The task — Transcribe all of the records, leaving out any pictures.

Data for the task —
—————
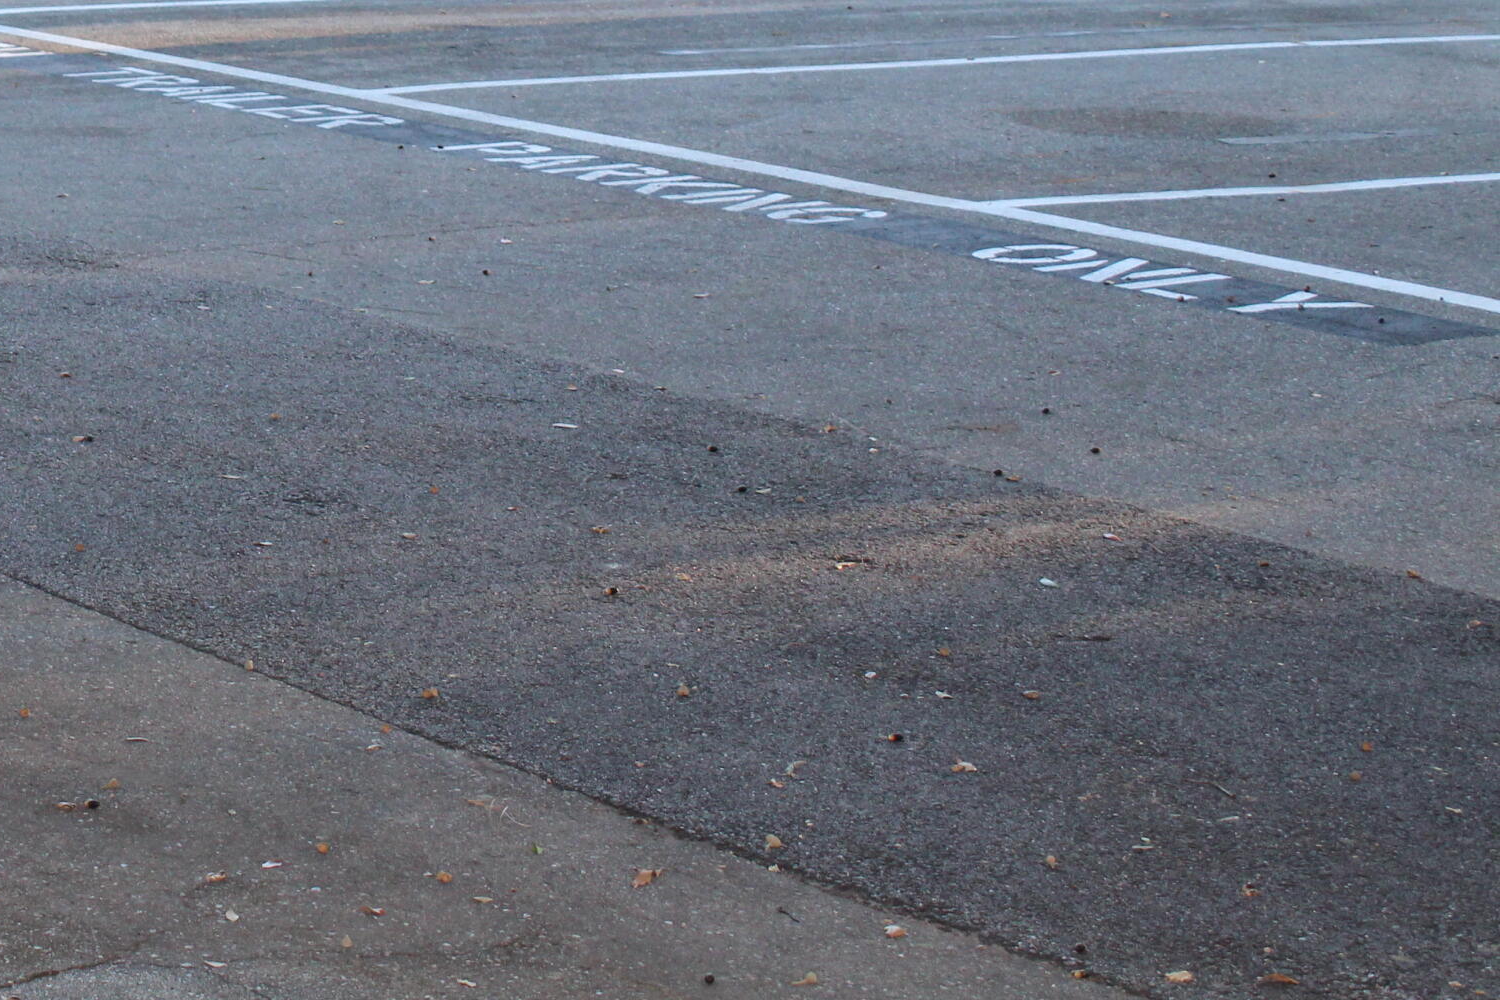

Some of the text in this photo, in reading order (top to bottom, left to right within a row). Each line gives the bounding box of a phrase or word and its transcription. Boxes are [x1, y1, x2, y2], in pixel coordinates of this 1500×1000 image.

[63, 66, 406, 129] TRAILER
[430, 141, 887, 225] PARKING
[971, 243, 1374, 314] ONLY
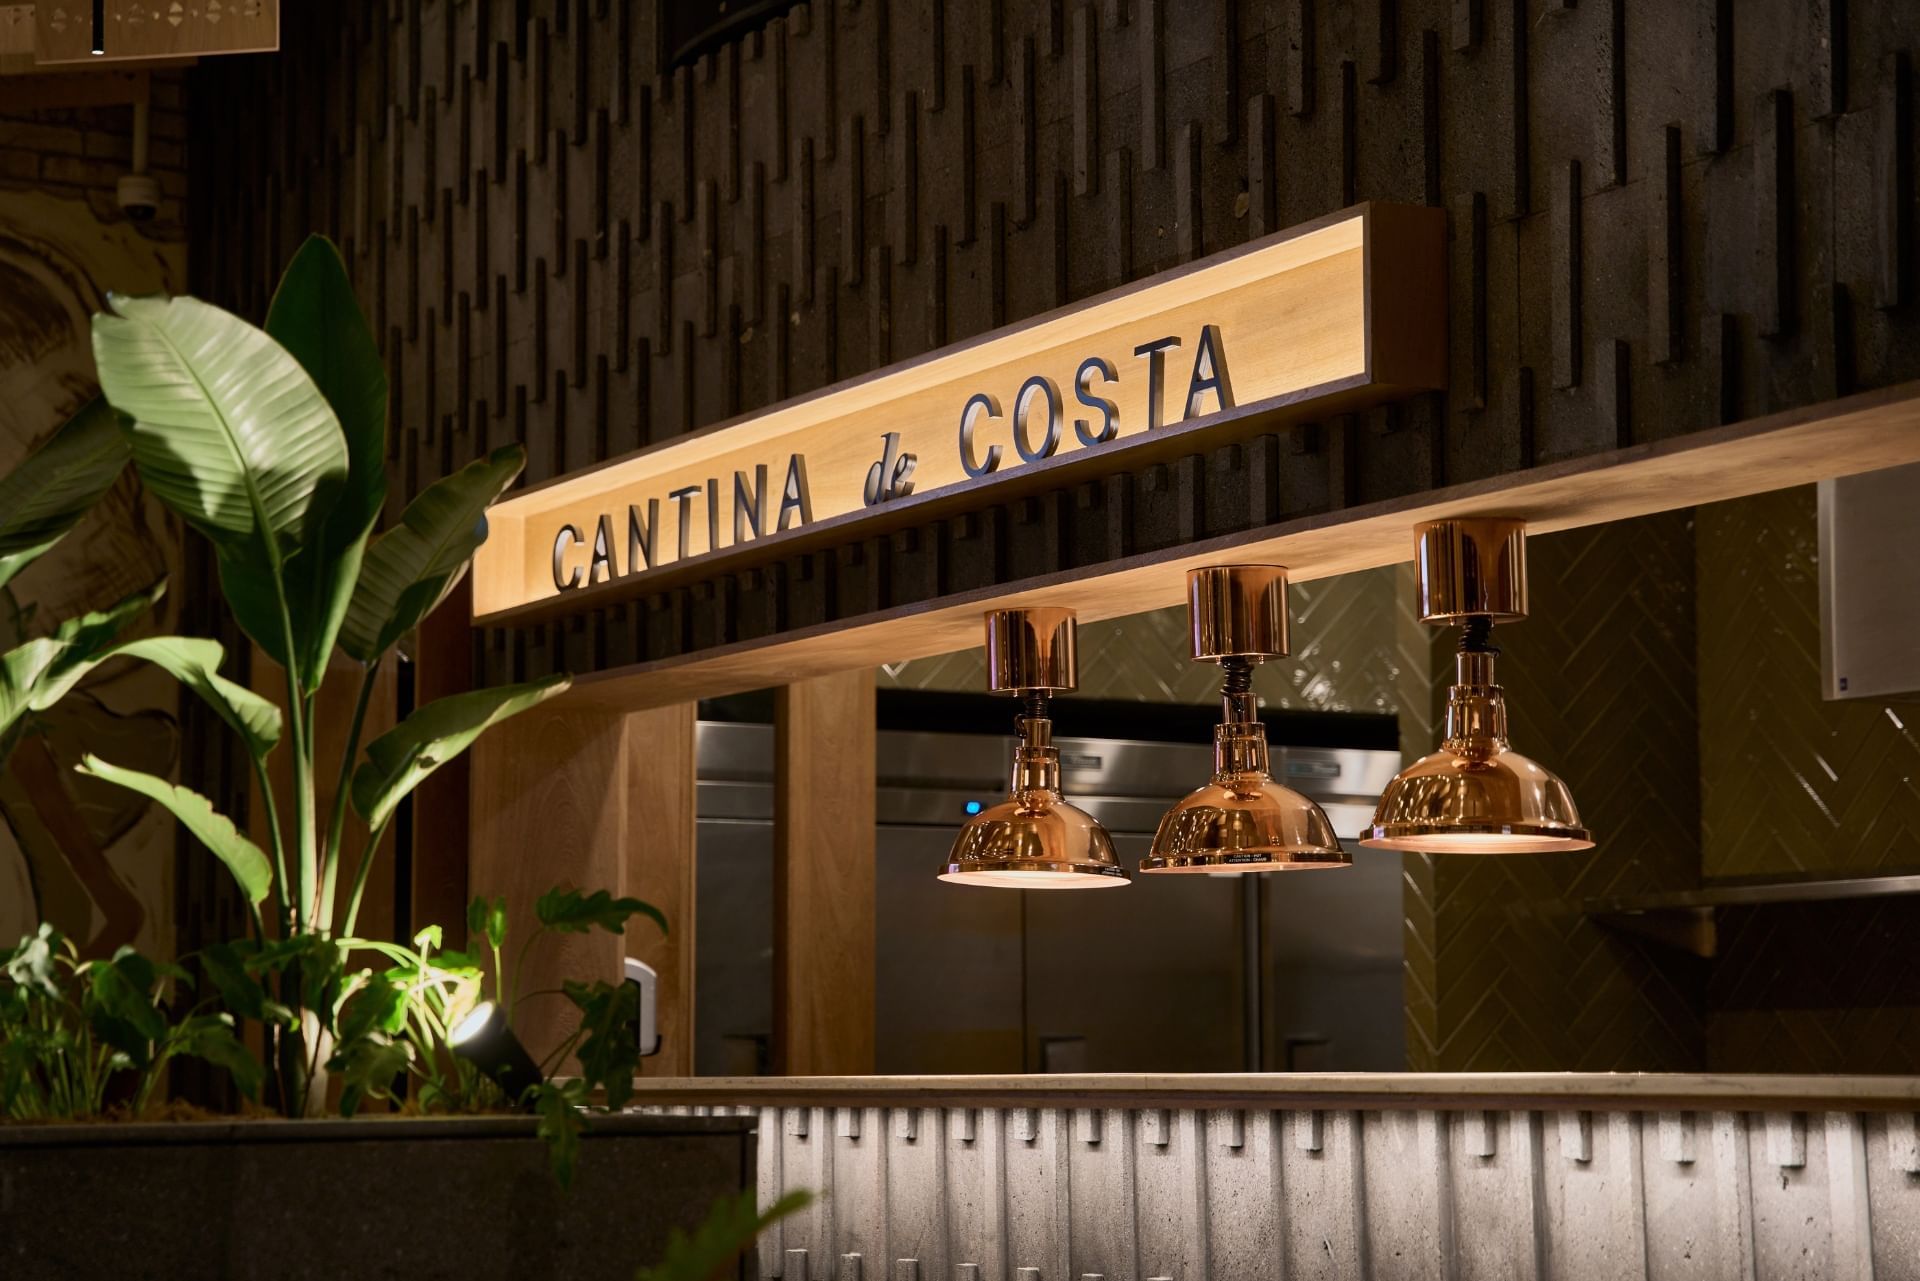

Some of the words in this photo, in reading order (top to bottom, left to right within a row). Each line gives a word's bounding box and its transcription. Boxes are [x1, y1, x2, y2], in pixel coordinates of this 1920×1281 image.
—————
Finished exercise —
Some of the text in this photo, in reading order (top to bottom, left to right within a row). Each line gives the bounding box of a phrase or word and its transcription. Boxes are [x1, y1, x2, y2], in pixel coordinates of this 1500×1000 image.

[63, 66, 406, 129] TRAILER
[430, 141, 887, 225] PARKING
[971, 243, 1374, 314] ONLY

Some of the words in this photo, in reading order (top to bottom, left to right within a row). Each line gives a word's bounding box and its transcription. Boxes are [x1, y1, x2, y2], in pixel coordinates of this 1920×1281 image.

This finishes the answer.